Um relatório técnico do Instituto Nacional do Seguro Social (INSS) identificou falhas graves e consideradas insanáveis em mais de 250 mil contratos de crédito consignado concedidos a aposentados e pensionistas pelo Banco Master.
As operações foram realizadas com base em um Acordo de Cooperação Técnica (ACT) firmado entre a instituição financeira e o INSS, que venceu em setembro de 2025 e não foi renovado diante das suspeitas de irregularidades.
De acordo com a análise, produzida em novembro de 2025 pela Coordenação de Pagamentos e Gestão de Benefícios do INSS, o banco deixou de apresentar 251.718 contratos, o que corresponde a 74,3% do total de 338.608 empréstimos firmados entre outubro de 2021 e setembro de 2025.
FALHA GRAVE E INSANÁVEL
“A omissão na apresentação de mais de 250 mil contratos constitui uma falha grave e insanável, que lança dúvidas fundadas sobre a existência jurídica e a validade do consentimento dos beneficiários em um percentual alarmante das consignações”, afirma o relatório.

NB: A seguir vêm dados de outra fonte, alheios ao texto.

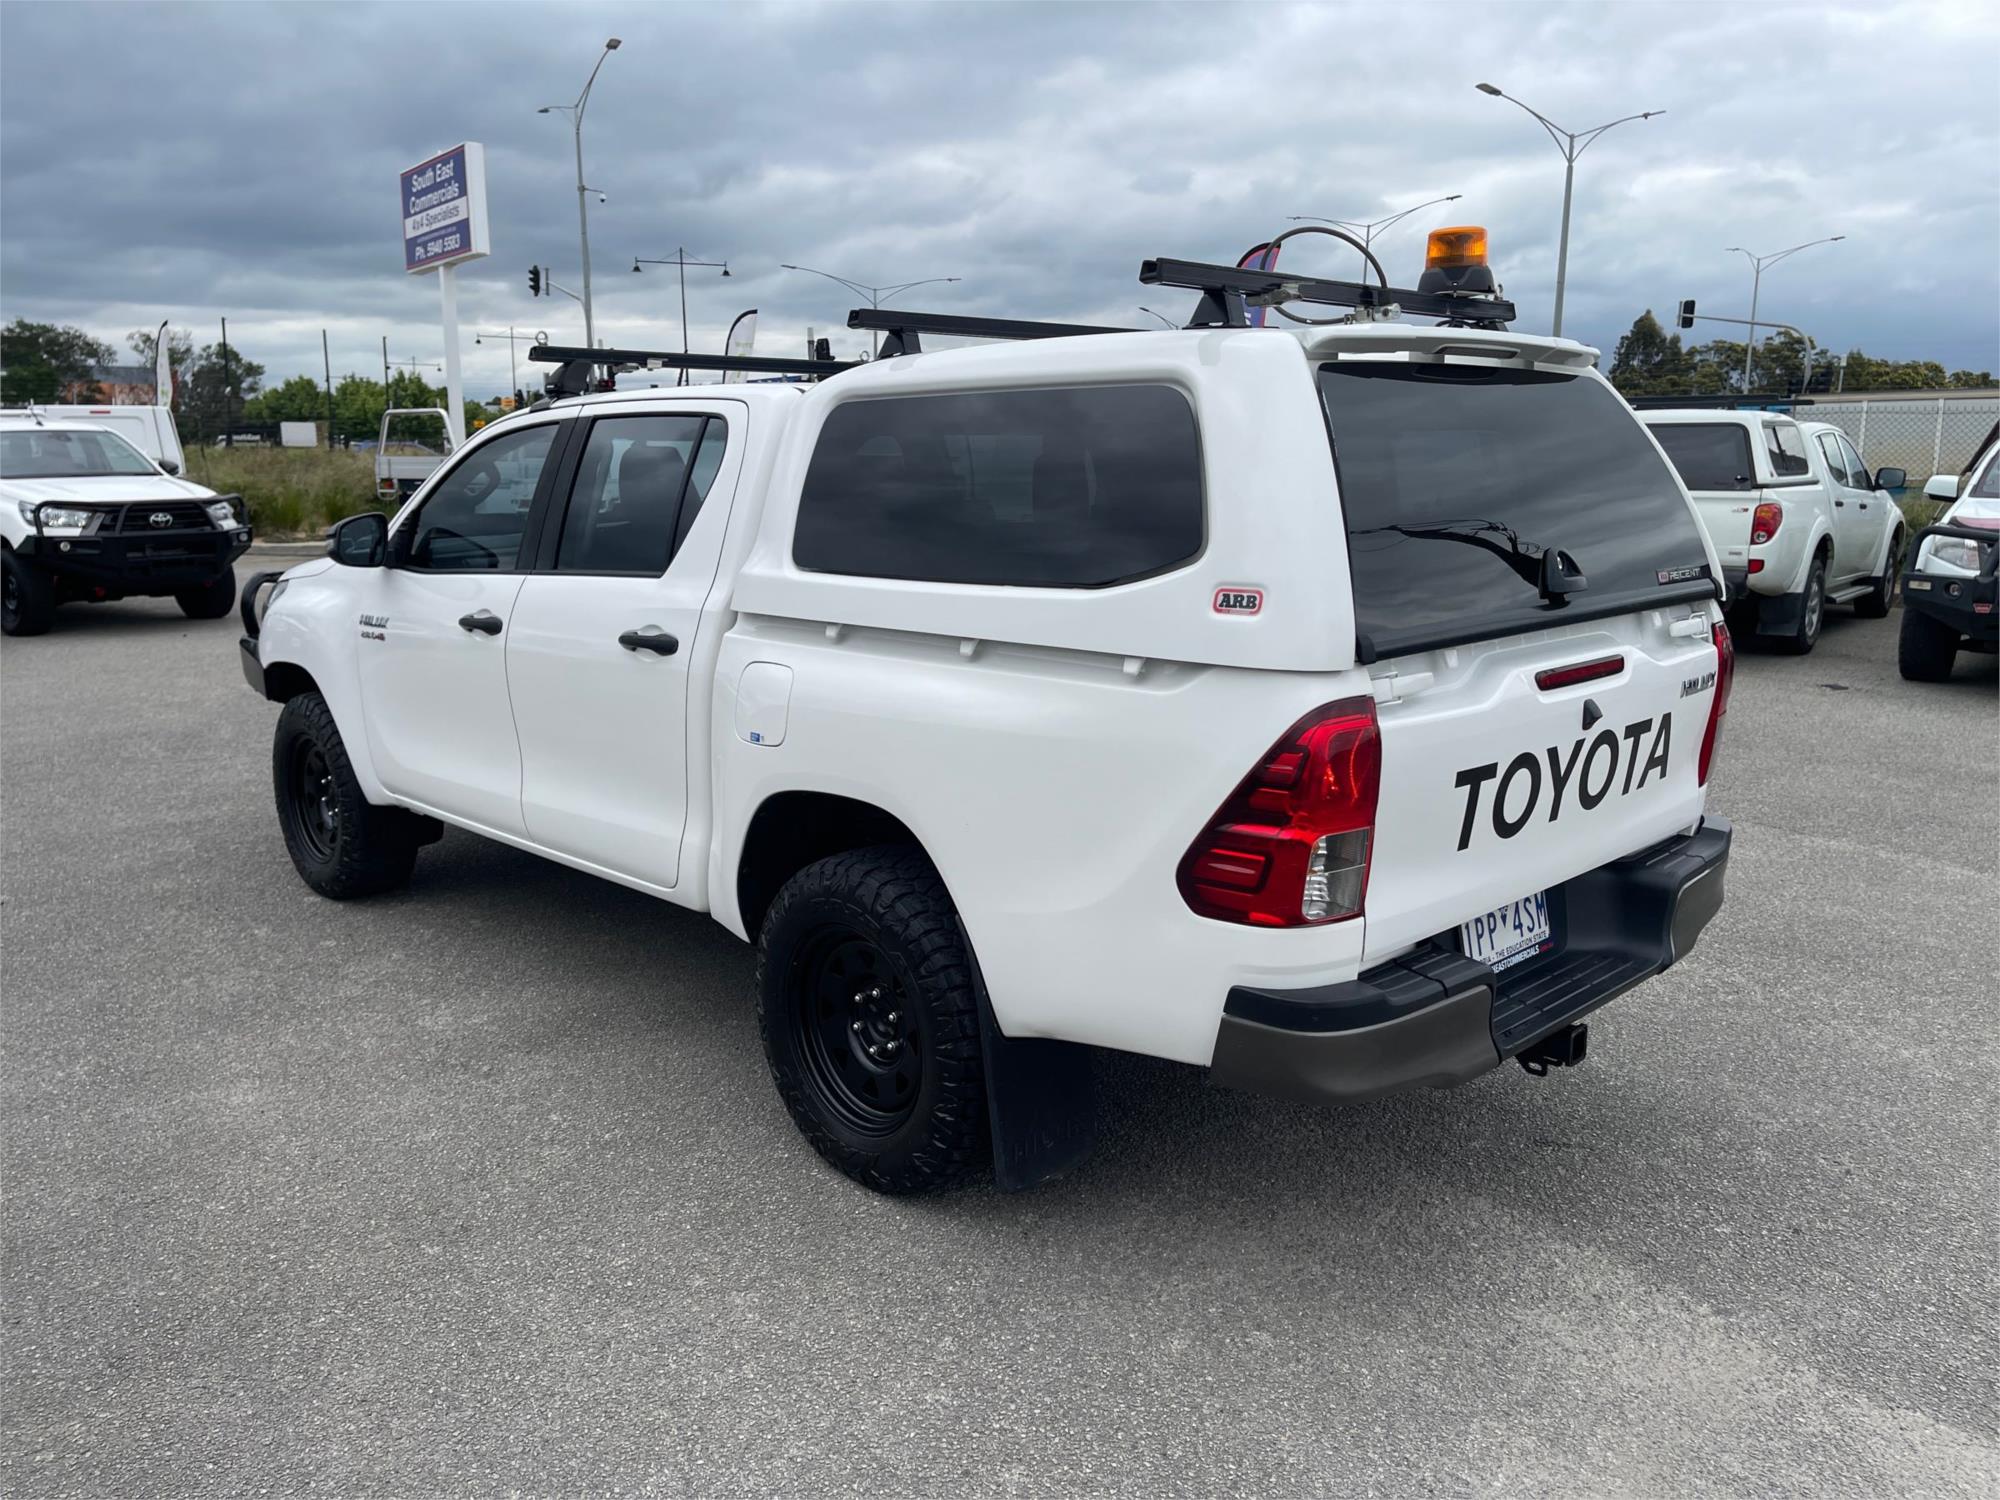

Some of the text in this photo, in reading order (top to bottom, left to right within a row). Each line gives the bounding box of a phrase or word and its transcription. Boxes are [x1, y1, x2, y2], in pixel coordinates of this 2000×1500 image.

Os técnicos do INSS apontam que, na maioria dos contratos analisados, não há qualquer comprovação idônea de assinatura ou consentimento do segurado, seja por documento físico ou por validação biométrica segura e auditável. A constatação levanta a suspeita de que milhares de empréstimos possam ter sido concedidos sem o conhecimento dos aposentados e pensionistas.
CRÉDITO CONSIGNADO
O crédito consignado é uma modalidade de empréstimo em que as parcelas são descontadas diretamente do benefício previdenciário, antes mesmo de o valor ser depositado na conta do segurado, o que amplia o impacto das irregularidades.
Segundo o INSS, a ausência de comprovação da vontade do beneficiário representa alto risco de fraude, especialmente por atingir uma população vulnerável.
“A ausência de prova inequívoca da vontade do beneficiário compromete a validade jurídica dos empréstimos e expõe uma população composta majoritariamente por idosos e pessoas com deficiência a riscos elevados de fraudes e descontos indevidos em benefícios de caráter alimentar”, alerta o documento.
O Banco Master foi liquidado extrajudicialmente pelo Banco Central em novembro de 2025 e também é alvo de investigação da Polícia Federal, que apura supostas fraudes financeiras da ordem de R$ 12,2 bilhões, envolvendo operações com o BRB, banco estatal do Distrito Federal.
O INSS informou que, no segundo semestre do ano passado, o banco tentou firmar um termo de compromisso para regularizar a situação. A autarquia, no entanto, exigiu a apresentação de documentos que comprovassem a autenticidade das assinaturas digitais por meio de QR Code, o que não foi atendido. Diante da ausência de comprovação, o termo não foi assinado e, posteriormente, a instituição acabou liquidada por decreto do Banco Central.
O Banco Master não se manifestou sobre o relatório nem sobre as irregularidades apontadas.